# RIP Dr. Sophia Yin



## Ljilly28 (Jan 22, 2008)

So sad to hear of the sudden passing of vet/dog trainer/behaviorist Dr. Sophia Yin. Her death is a huge loss, and she made a difference to the relationships between dogs and humans in our times. 

Animal Behaviorist | Dr. Sophia Yin, DVM, MS.


----------



## BriGuy (Aug 31, 2010)

Wow, what a devastating loss. I always enjoyed reading her articles. My condolences to her family, friends, and colleagues.


----------



## Tayla's Mom (Apr 20, 2012)

Is am beyond shocked.


----------



## pb2b (Nov 8, 2013)

I was just on her website the other day! That is so so sad. I have one of her puppy books.


----------



## Karen519 (Aug 21, 2006)

*So sorry*



Ljilly28 said:


> So sad to hear of the sudden passing of vet/dog trainer/behaviorist Dr. Sophia Yin. Her death is a huge loss, and she made a difference to the relationships between dogs and humans in our times.
> 
> Animal Behaviorist | Dr. Sophia Yin, DVM, MS.

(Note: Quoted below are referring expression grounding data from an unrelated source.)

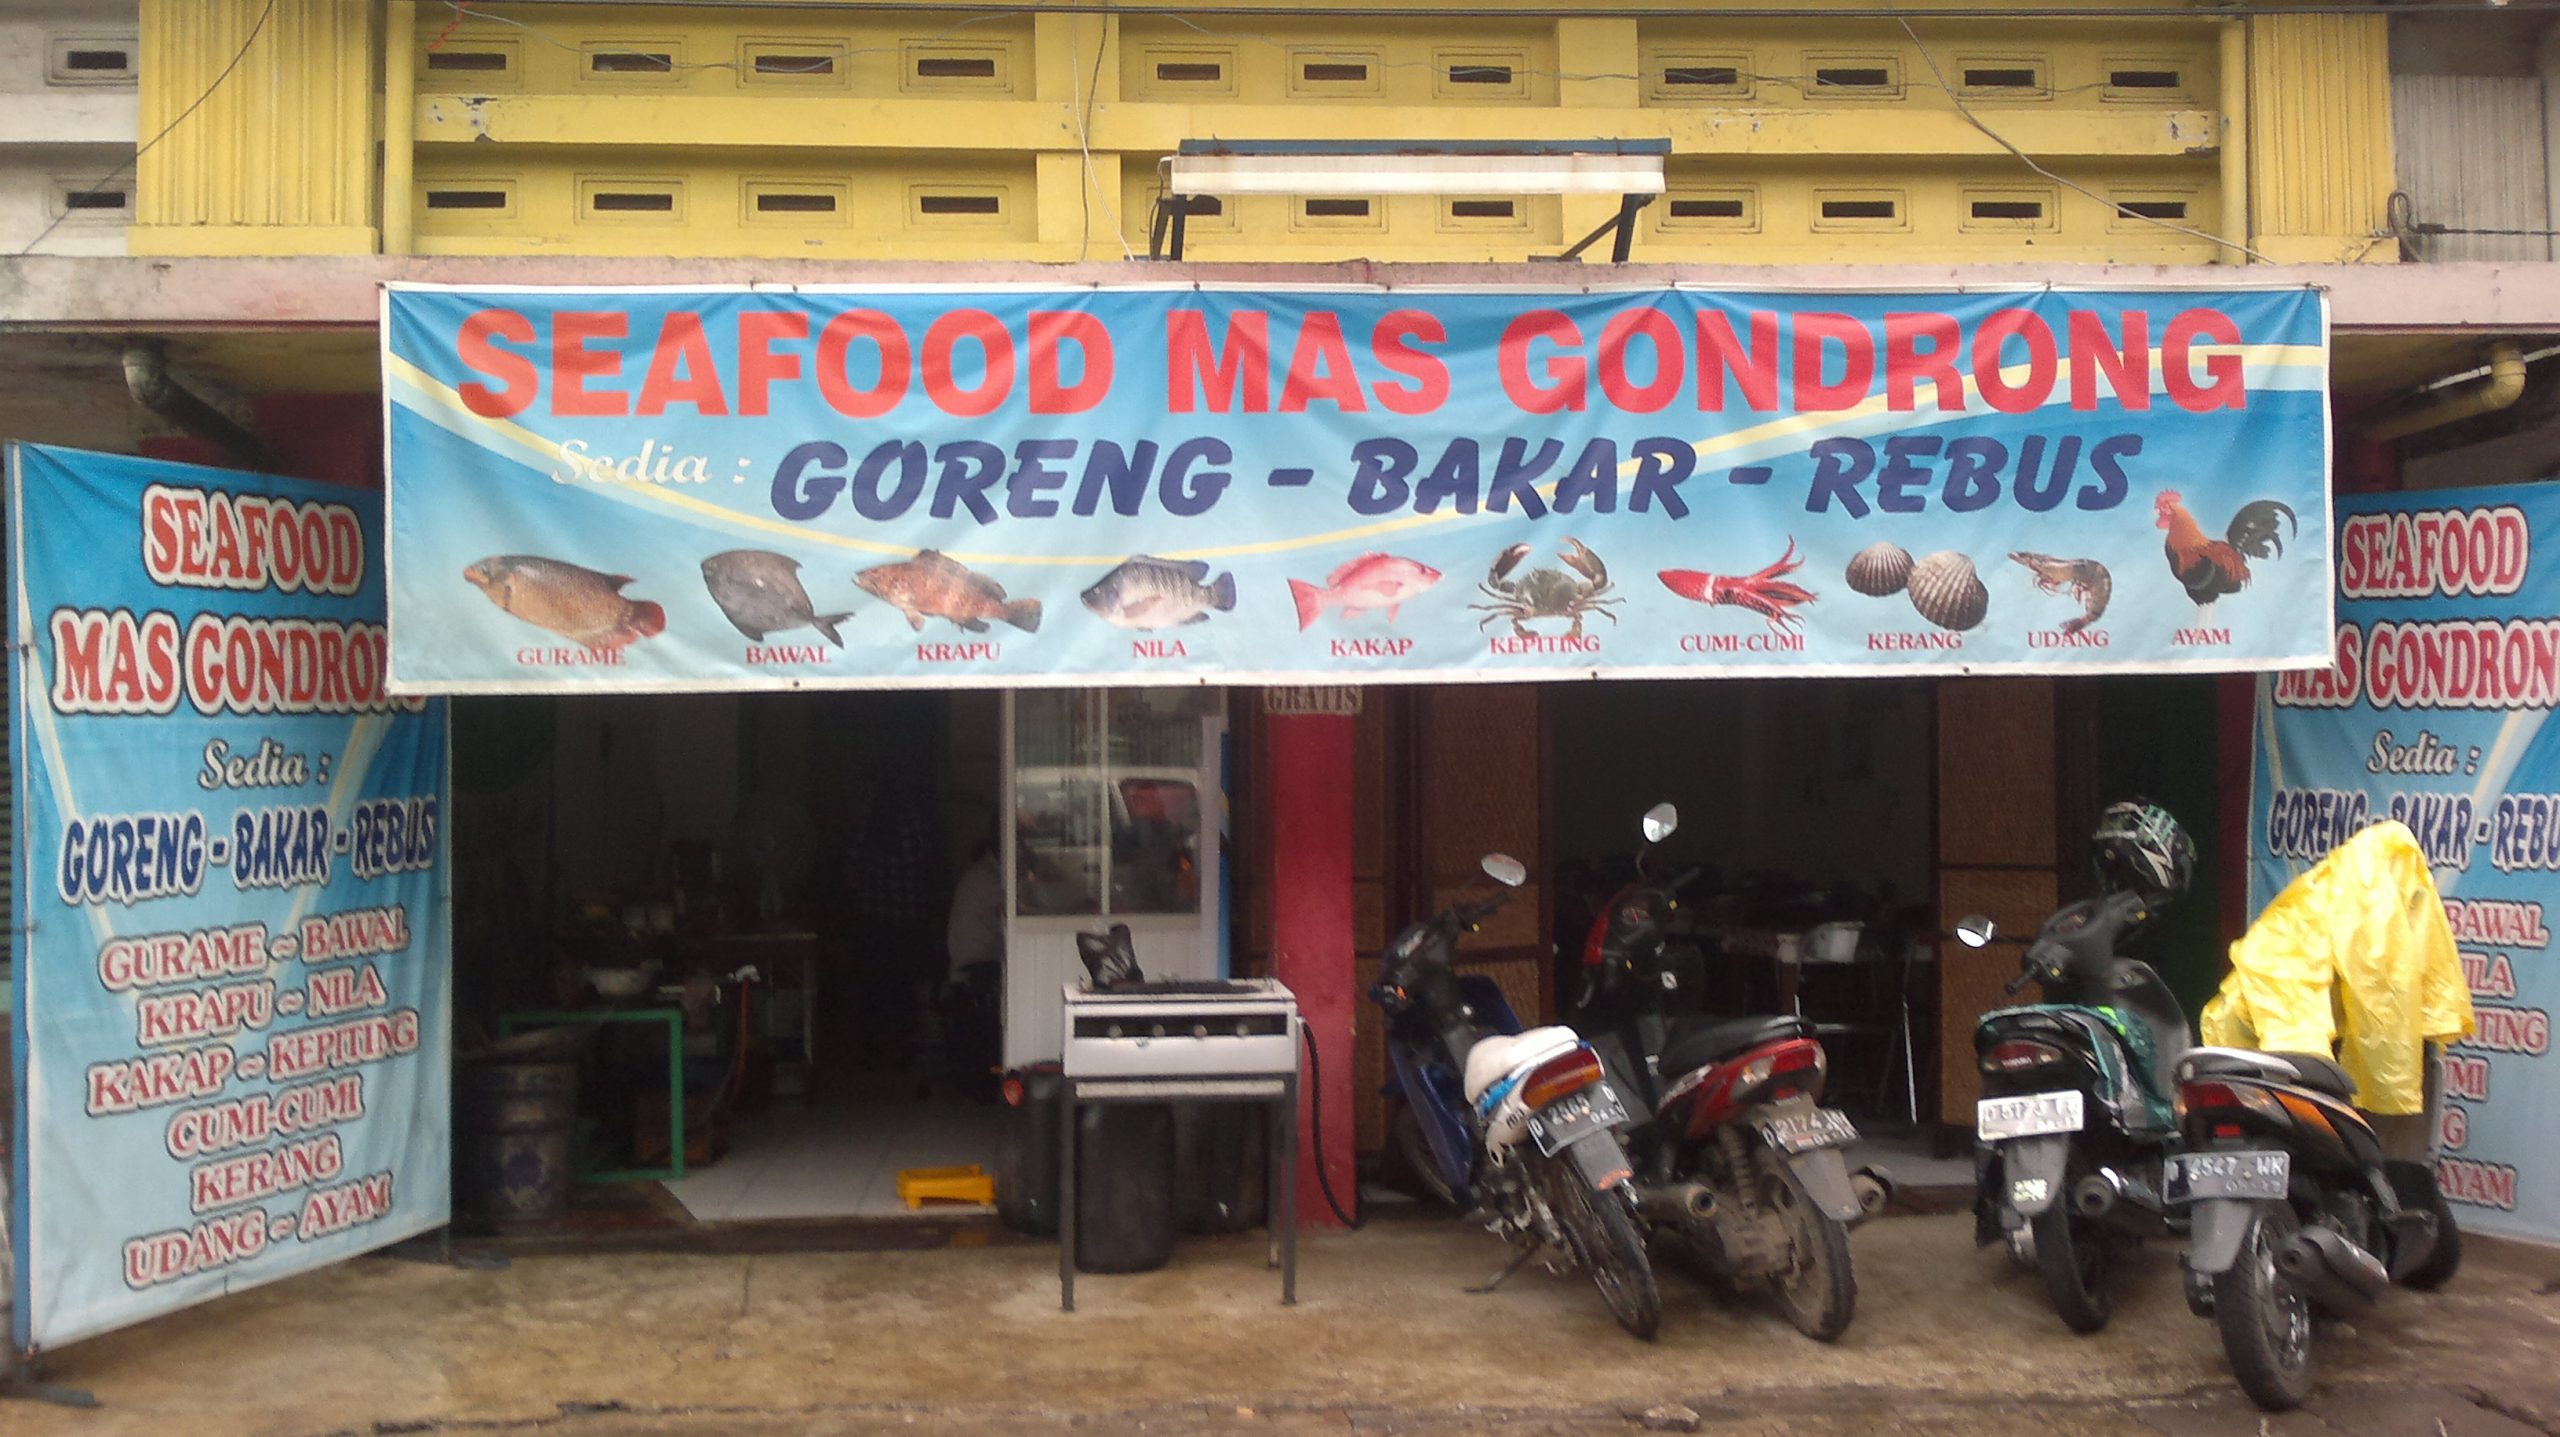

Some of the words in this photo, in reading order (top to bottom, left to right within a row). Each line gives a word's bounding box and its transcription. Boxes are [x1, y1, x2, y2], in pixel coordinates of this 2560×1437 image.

[455, 308, 1115, 419] SEAFOOD
[1166, 309, 1451, 415] MAS
[1498, 307, 2247, 415] GONDRONG
[551, 438, 713, 487] Sedia
[769, 437, 1233, 526] GORENG
[1347, 436, 1697, 521] BAKAR
[1805, 433, 2144, 520] REBUS
[147, 487, 361, 593] SEAFOOD
[2342, 507, 2528, 597] SEAFOOD
[54, 612, 179, 712] MAS
[187, 616, 426, 711] GONDRO
[516, 647, 627, 667] GURAME
[745, 645, 832, 665] BAWAL
[916, 641, 1001, 663] KRAPU
[1132, 640, 1188, 658] NILA
[1330, 638, 1414, 656] KAKAP
[1489, 634, 1600, 655] KEPITING
[1679, 633, 1805, 653] CUMI-CUMI
[1867, 632, 1962, 651] KERANG
[2026, 630, 2110, 649] UDANG
[2170, 628, 2231, 647] AYAM
[2367, 620, 2560, 708] GONDRON
[199, 738, 309, 789] Sedia
[2367, 730, 2460, 776] Sedia
[60, 814, 205, 904] GORENG
[233, 806, 332, 889] BAKAR
[353, 796, 436, 878] REBUS
[2492, 792, 2560, 873] REBU
[99, 926, 267, 991] GURAME
[301, 908, 410, 963] BAWAL
[2459, 951, 2517, 999] ILA
[138, 979, 275, 1047] KRAPU
[307, 963, 387, 1017] NILA
[87, 1044, 232, 1117] KAKAP
[268, 1008, 420, 1081] KEPITING
[167, 1073, 364, 1160] CUMI-CUMI
[192, 1133, 342, 1213] KERANG
[124, 1207, 267, 1287] UDANG
[299, 1171, 393, 1241] AYAM
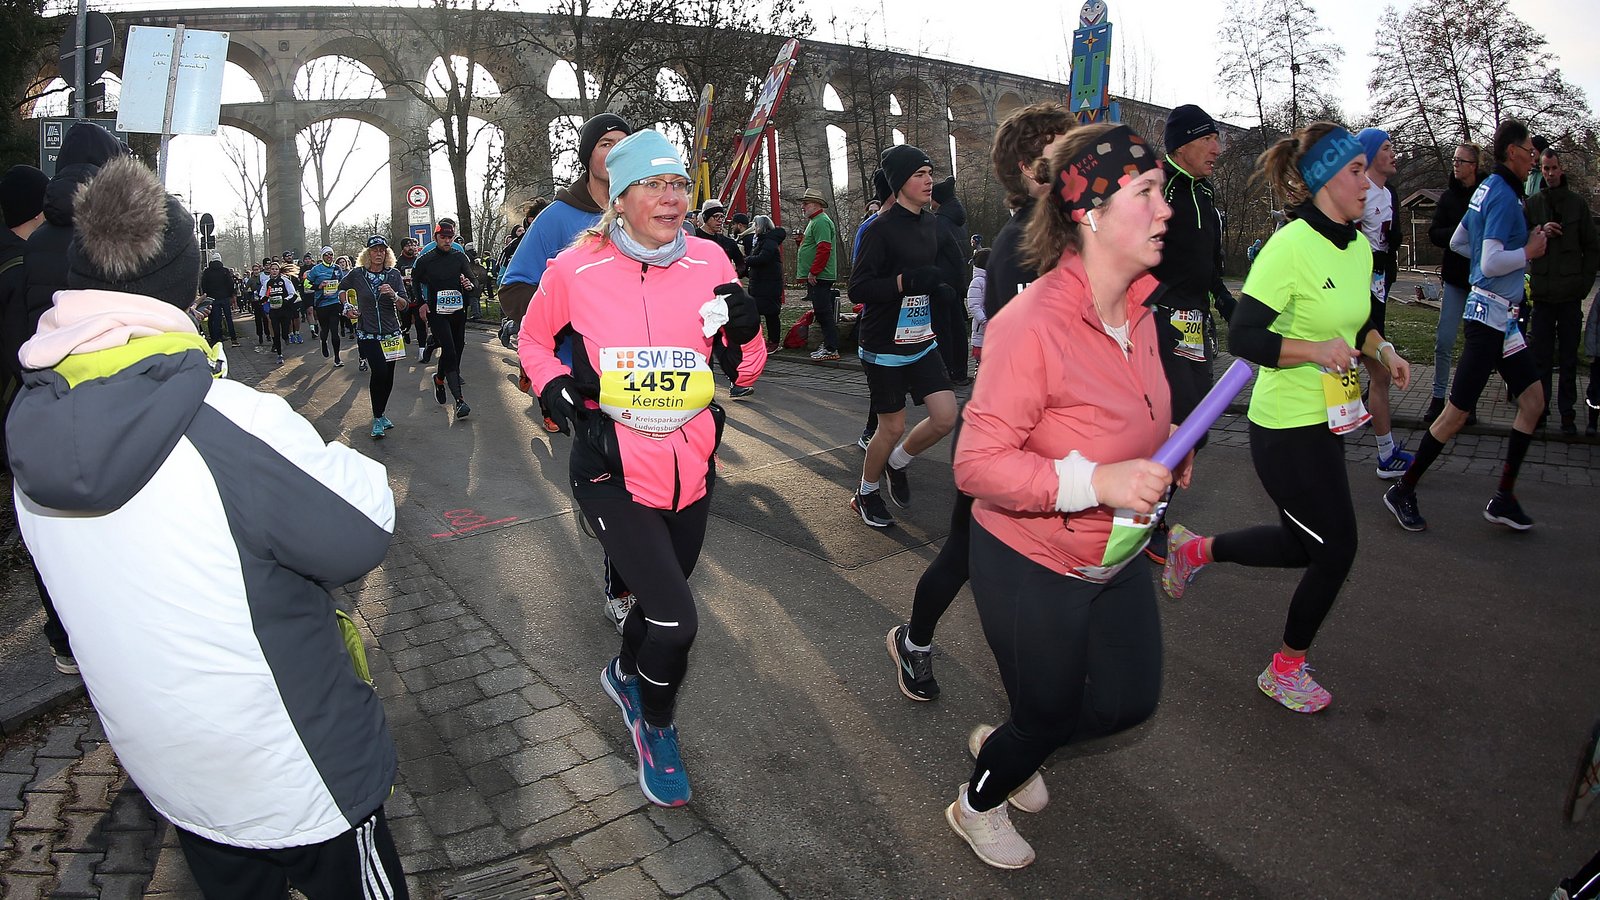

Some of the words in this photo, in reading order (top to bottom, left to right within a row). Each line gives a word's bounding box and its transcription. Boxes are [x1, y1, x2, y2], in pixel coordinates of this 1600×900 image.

[48, 154, 58, 162] Par
[439, 296, 462, 305] 3893
[623, 371, 691, 392] 1457
[632, 394, 684, 408] Kerstin
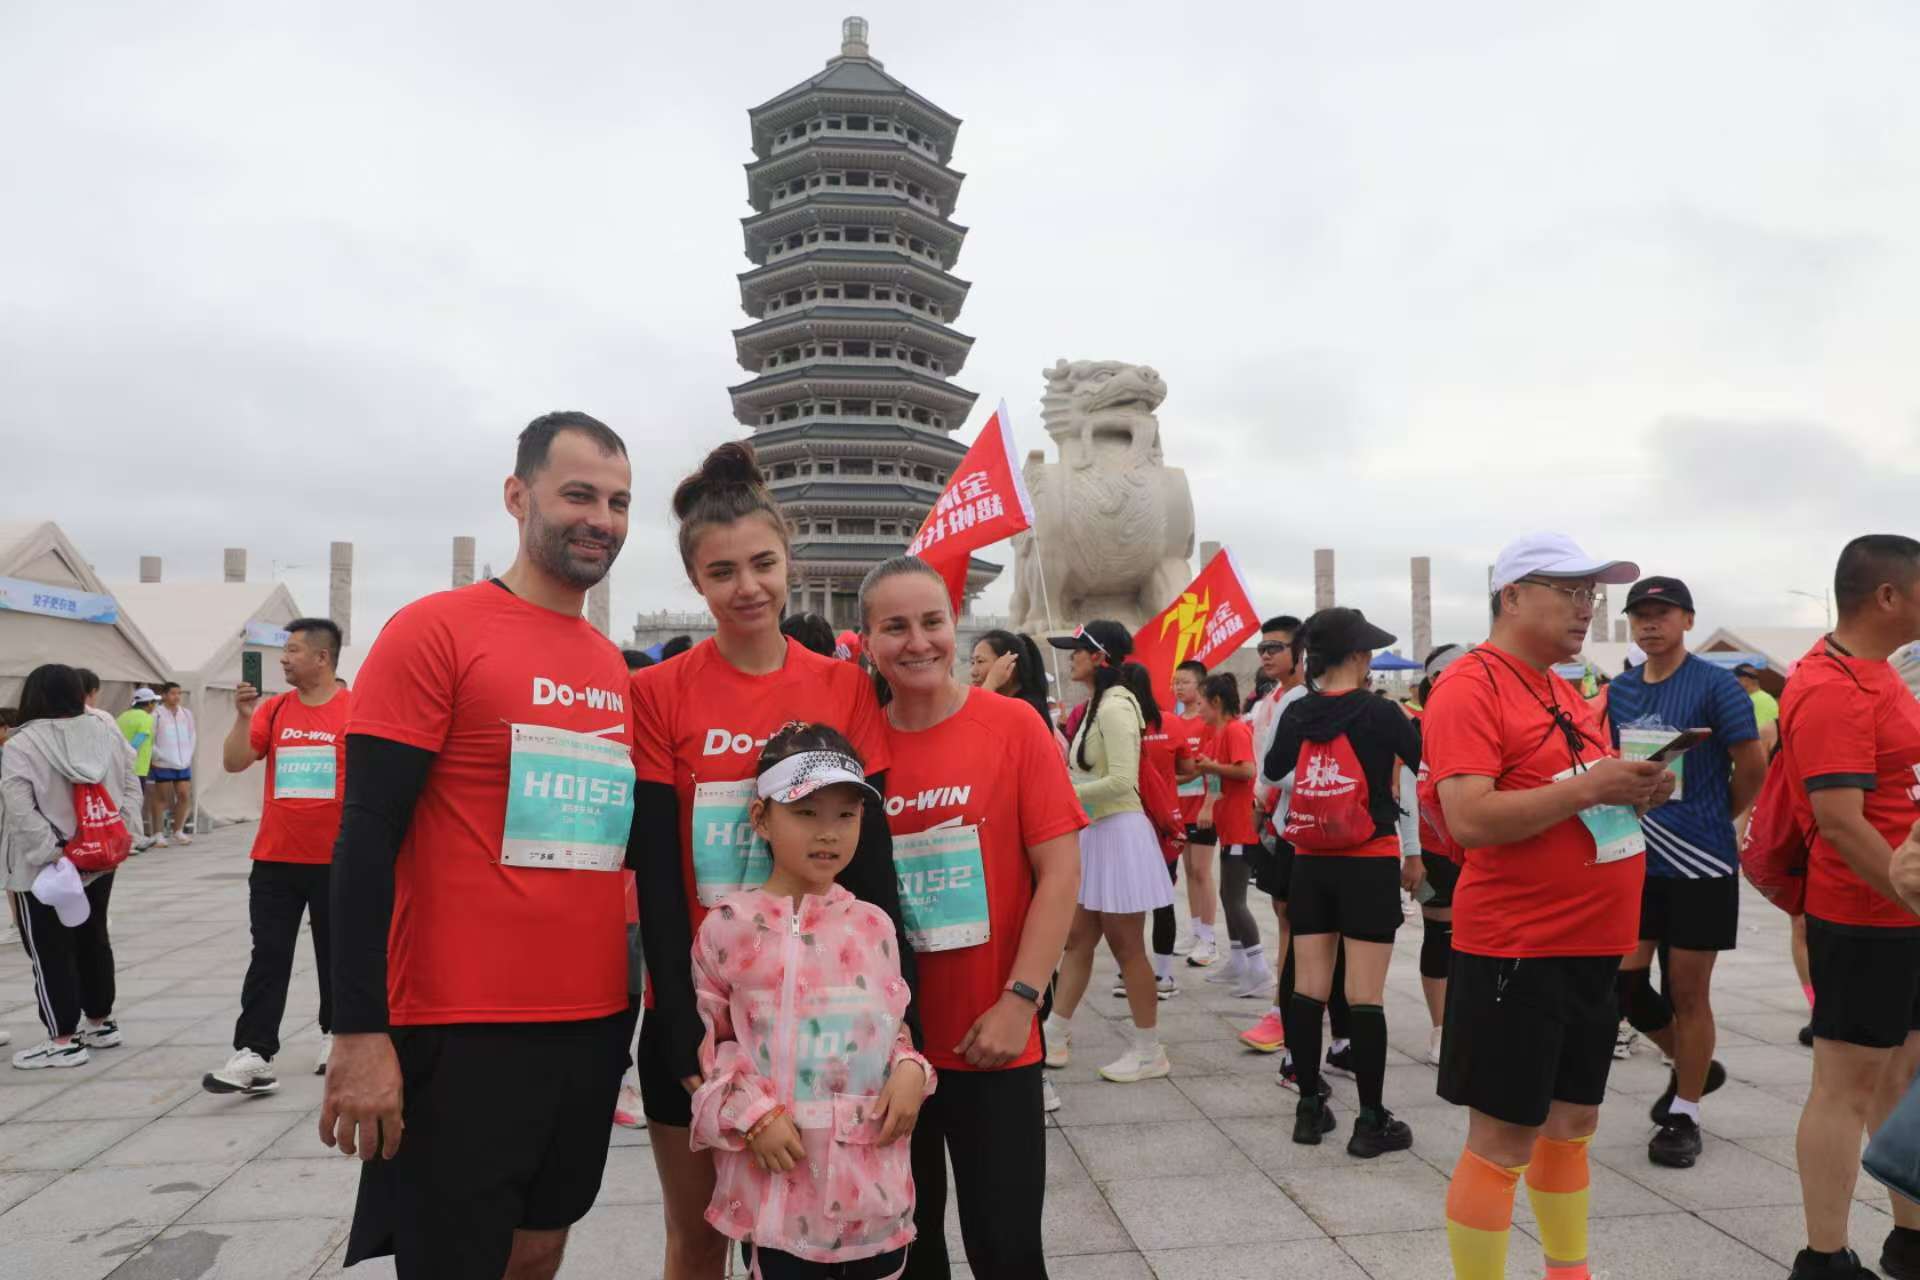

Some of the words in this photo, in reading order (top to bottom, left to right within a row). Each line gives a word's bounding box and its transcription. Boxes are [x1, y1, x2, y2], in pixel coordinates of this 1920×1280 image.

[523, 771, 628, 806] H0153
[882, 785, 971, 816] O-WIN
[898, 865, 973, 895] 0152

So very sorry to hear this!


----------



## flatcoated (Feb 3, 2013)

How shocking and unexpected. And what a tremendous loss. It is difficult to overstate the importance of her contributions to veterinary and behavioral science. So many animals and pet owners have benefited so tremendously from her work and will continue to do so for a long time to come.


----------



## OutWest (Oct 6, 2011)

It really is a huge loss. She has influenced many people, trainers and average dog owners. I gather it was unexpected.


----------



## USAFWife74 (Jan 13, 2013)

Yes, so very sad!!!


----------



## Ljilly28 (Jan 22, 2008)

This article said she committed suicide. Animal Behaviorist Sophia Yin Dies at 48


----------



## Rainheart (Nov 28, 2010)

The veterinary profession, as a whole, has quite a high suicide rate... Such a loss and tragedy to our profession. RIP Dr. Yin. Maybe now more attention will be paid to the mental illnesses that plague vets...


----------



## Tennyson (Mar 26, 2011)

Always read her blog and FB page. She was posting yesterday morning on FB.
Just so very, very sad.


----------



## GoldenMum (Mar 15, 2010)

RIP Dr. Yin, the canine world has suffered a great loss.....my heart breaks for her family, suicide is so hard for a family to grasp.


----------



## kellyguy (Mar 5, 2014)

"The veterinary profession, as a whole, has quite a high suicide rate."
I hope this isn't taken wrong, but is there a theory on why?


----------



## Rainheart (Nov 28, 2010)

Here are two articles on the subject if anyone is curious as to why
https://www.avma.org/News/JAVMANews/Pages/131115a.aspx

Study looks at factors in high veterinary suicide rate in U.K.


----------



## cubbysan (Mar 13, 2007)

Thanks for sharing Rainheart!

I do remember growing up and the local vet killing himself - made the front page of the newspaper. We were taught that it was dentists that have the high suicide rate.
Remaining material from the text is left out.